Thanks so much to everyone who attended my Cadillac workshop this past weekend at LauraBPilates studio in Raleigh, NC.
It was a pleasure to meet and work with so many awesome readers. You guys rocked it on the Cadillac and the Standing Arm Springs!
Gifts from Joe Pilates
Joe Pilates has bestowed numerous gifts upon us. My favorite one is of course the gift of repetition. Do your exercises frequently and your body will reap the benefits. Even if you don't think you're particularly good at your exercises, it's the doing it anyway that counts.
And you're probably better than you think…
Lately I've come to feel a kind of Pilates déjà vu in my workout.
Hmmm… I've been here before…
The Tree is chock full of moments just like this.
See if you can find the moments of Spine Stretch, Open Leg Rocker, the Roll Up, Single Leg Circles, Double Leg Pull and High Bridge all jam-packed into one workhorse of an exercise.
Thank God for the Tree
Early on in my Pilates journey I was decidedly NOT a fan of the Short Box Series.
The Tree was the exception.
A fundamental exercise in our order of the Reformer exercises, the Tree, succeeded in making the entire Short Box Series just that much more
The Tree is a versatile exercise that continues to grow and blossom along with our Pilates practice.
Even the basic version is not easy.
Later on you can turn on the jazz with your first taste of High Bridge.
If we distill the Tree down to its very essence it could look like this:
Sit up as tall as you can and reach your leg as much as possible without sinking in the back.
Your lift inward and upward must increase as your leg reaches further away from center.
Further progressions could include just setting up your Tree position:
Maybe you control yourself into this position and then return upright 3 times.
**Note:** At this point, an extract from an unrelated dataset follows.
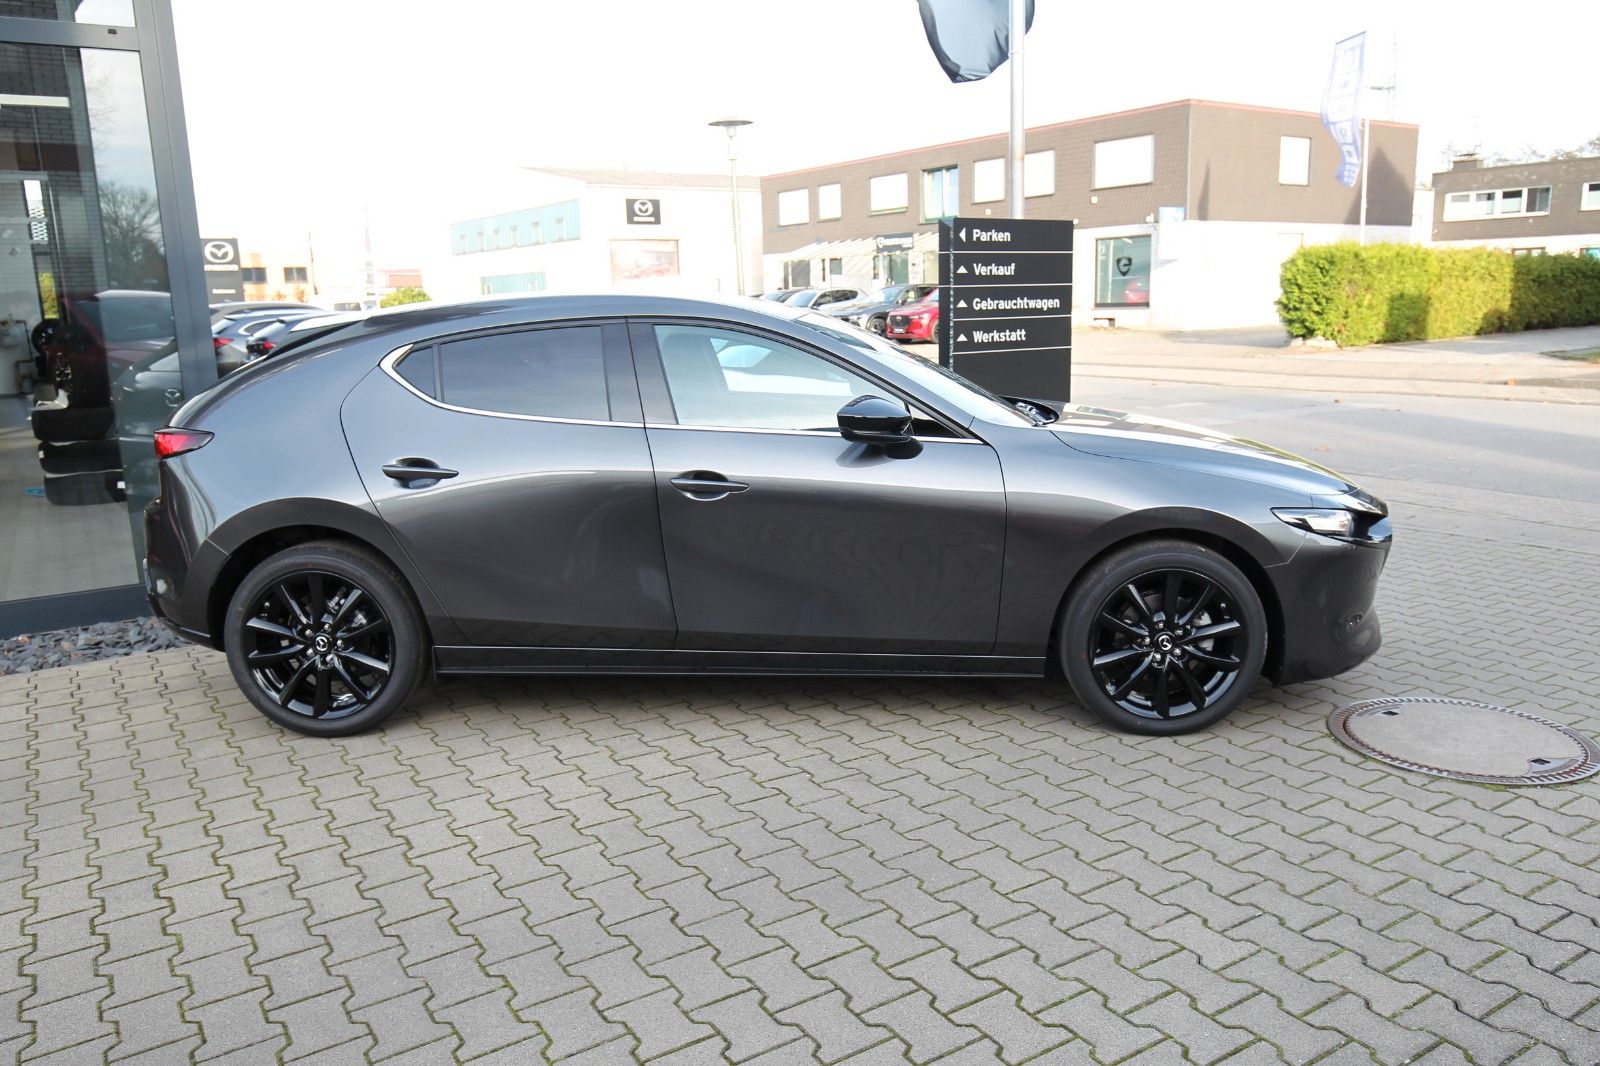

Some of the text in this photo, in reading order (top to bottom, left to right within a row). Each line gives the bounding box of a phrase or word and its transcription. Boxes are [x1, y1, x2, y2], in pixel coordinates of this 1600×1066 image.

[972, 229, 1011, 242] Parken
[973, 263, 1016, 276] Verkauf
[972, 297, 1060, 311] Gebrauchtwagen
[973, 329, 1026, 343] Werkstatt
Later you'll learn to lower your upper body away from the center – just a little bit at a time. Remember to only roll backward as much as you can successfully return.
Over time you'll work your way all the way back and into the well if you are able.
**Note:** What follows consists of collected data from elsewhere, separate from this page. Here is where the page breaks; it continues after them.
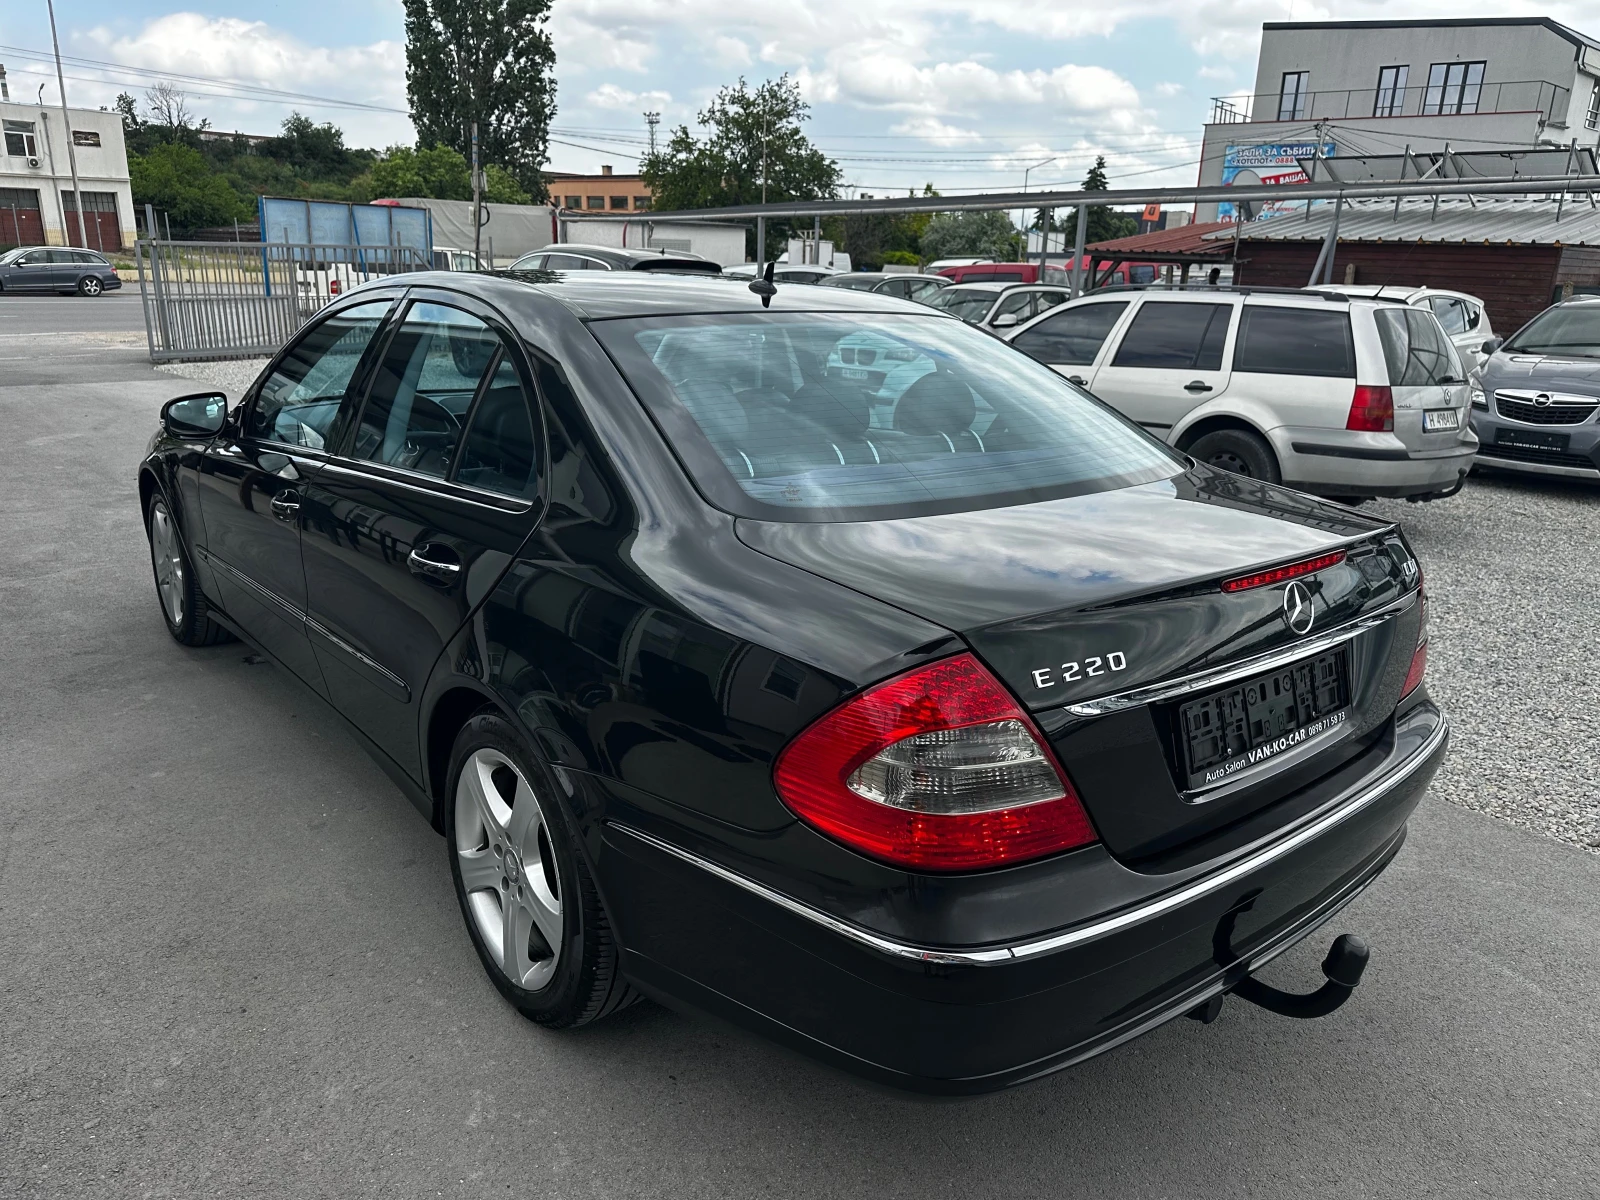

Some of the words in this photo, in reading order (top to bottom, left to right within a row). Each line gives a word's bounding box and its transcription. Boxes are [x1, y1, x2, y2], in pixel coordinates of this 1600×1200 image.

[1266, 148, 1277, 156] ЗА
[1031, 667, 1055, 690] E
[1061, 651, 1127, 683] 220
[1205, 768, 1225, 783] Auto
[1225, 759, 1246, 774] Salon
[1248, 728, 1306, 763] VAN-KO-CAR
[1322, 719, 1330, 730] 71
[1330, 715, 1338, 726] 58
[1338, 711, 1346, 722] 73
And once you're completely comfortable upside down you've got some fun options:
Reach for the frame and pull everything in toward your center.
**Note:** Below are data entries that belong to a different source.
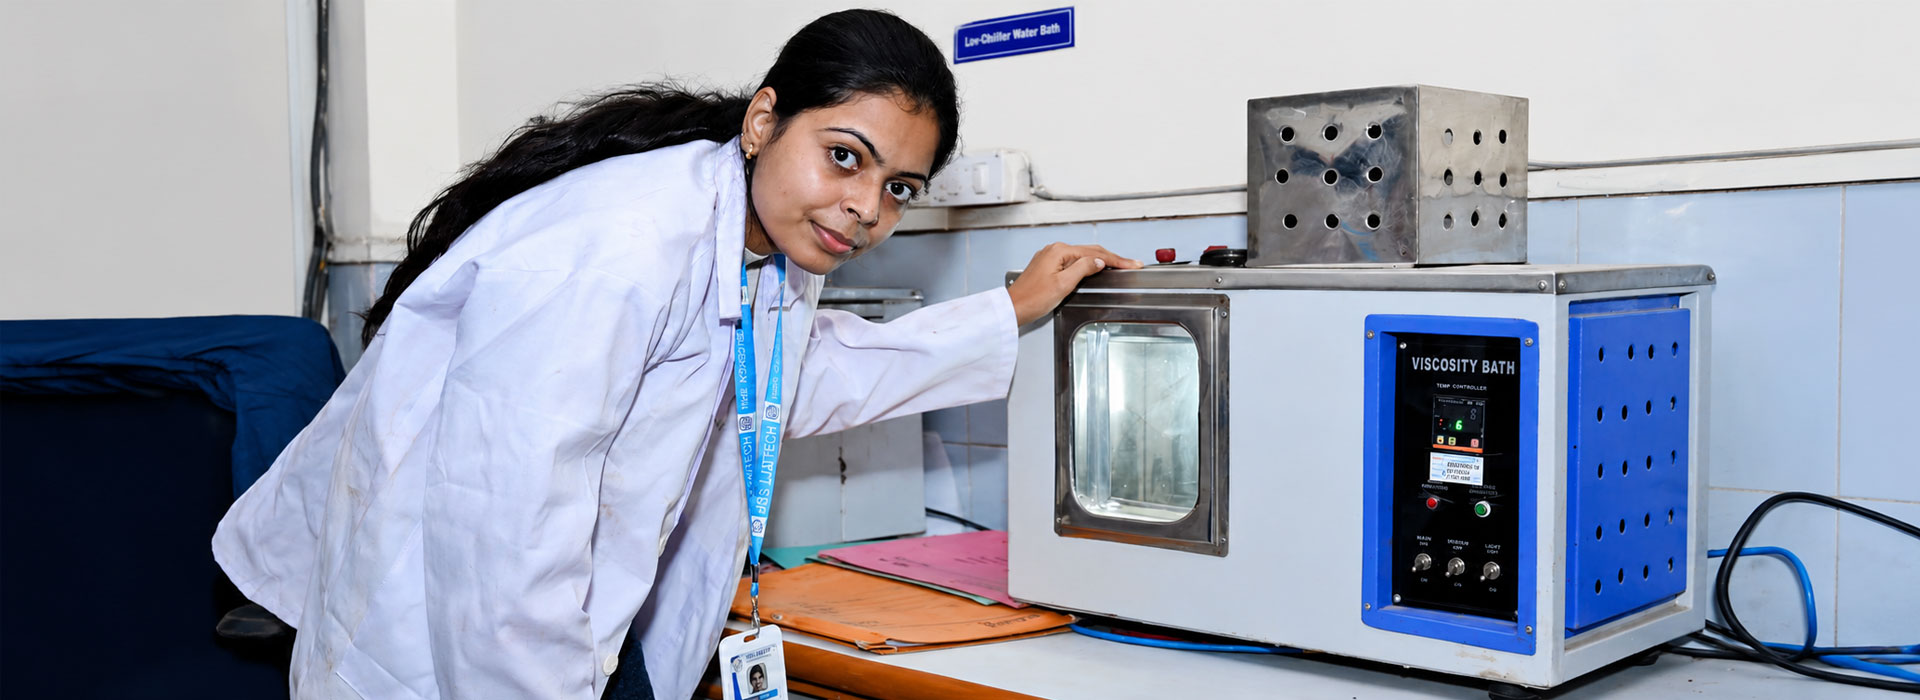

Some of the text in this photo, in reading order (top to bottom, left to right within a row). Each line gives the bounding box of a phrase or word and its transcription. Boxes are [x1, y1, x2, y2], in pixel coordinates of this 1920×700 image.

[1012, 28, 1039, 39] Water
[1040, 23, 1060, 36] Bath
[1411, 356, 1515, 375] VISCOSITY BATH
[1455, 419, 1463, 430] 6
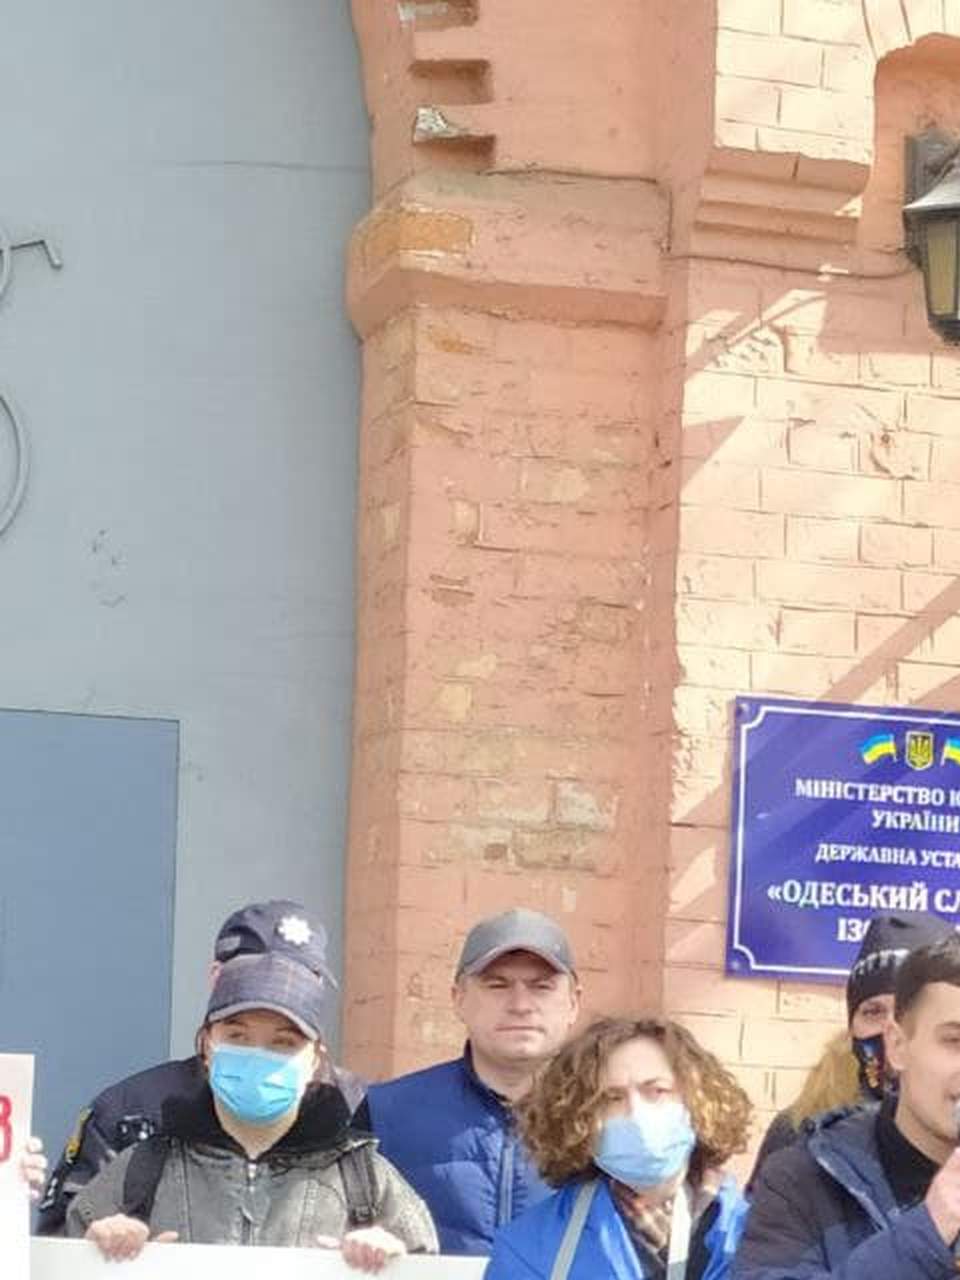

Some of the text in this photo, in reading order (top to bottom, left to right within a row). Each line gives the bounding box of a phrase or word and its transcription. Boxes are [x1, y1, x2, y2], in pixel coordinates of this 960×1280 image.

[795, 778, 945, 807] МІНІСТЕРСТВО
[871, 809, 960, 834] УКРАЇНИ
[815, 843, 917, 866] ДЕРЖАВНА
[767, 878, 929, 912] «ОДЕСЬКИЙ
Ultimately you can add an empowering precursor to the High Bridge with lovely support from our friend the Short Box.
Here you may add the Single Leg Circles from Pilates Mat fame.
Holy stomach exercise, Batman!
And it's all leading up to where we began very simply: a global stretch of the back of the body in our final moment of Tree:
What's going on here anyhow?
Take another look at our final moment of the Tree. Every exercise in the Short Box Series is leading to this point: a global stretch of the back of the body.
That final moment of the Tree is the money note, the big kahuna, your raison d'être…
Often in this exercise we become preoccupied with stretching the back of the leg. We all feel so incredibly inflexible in this exercise, even the most loosey-goosey among us.
The back must take precedence over the leg. And the more lift you find in your back – ooooh that tight leg will get a fantastic stretch! See what you think.
Want even more info on the Tree and the Short Box Series?
Check out these related posts – you know I'm completely obsessed with all things Short Box…let's see if you are too!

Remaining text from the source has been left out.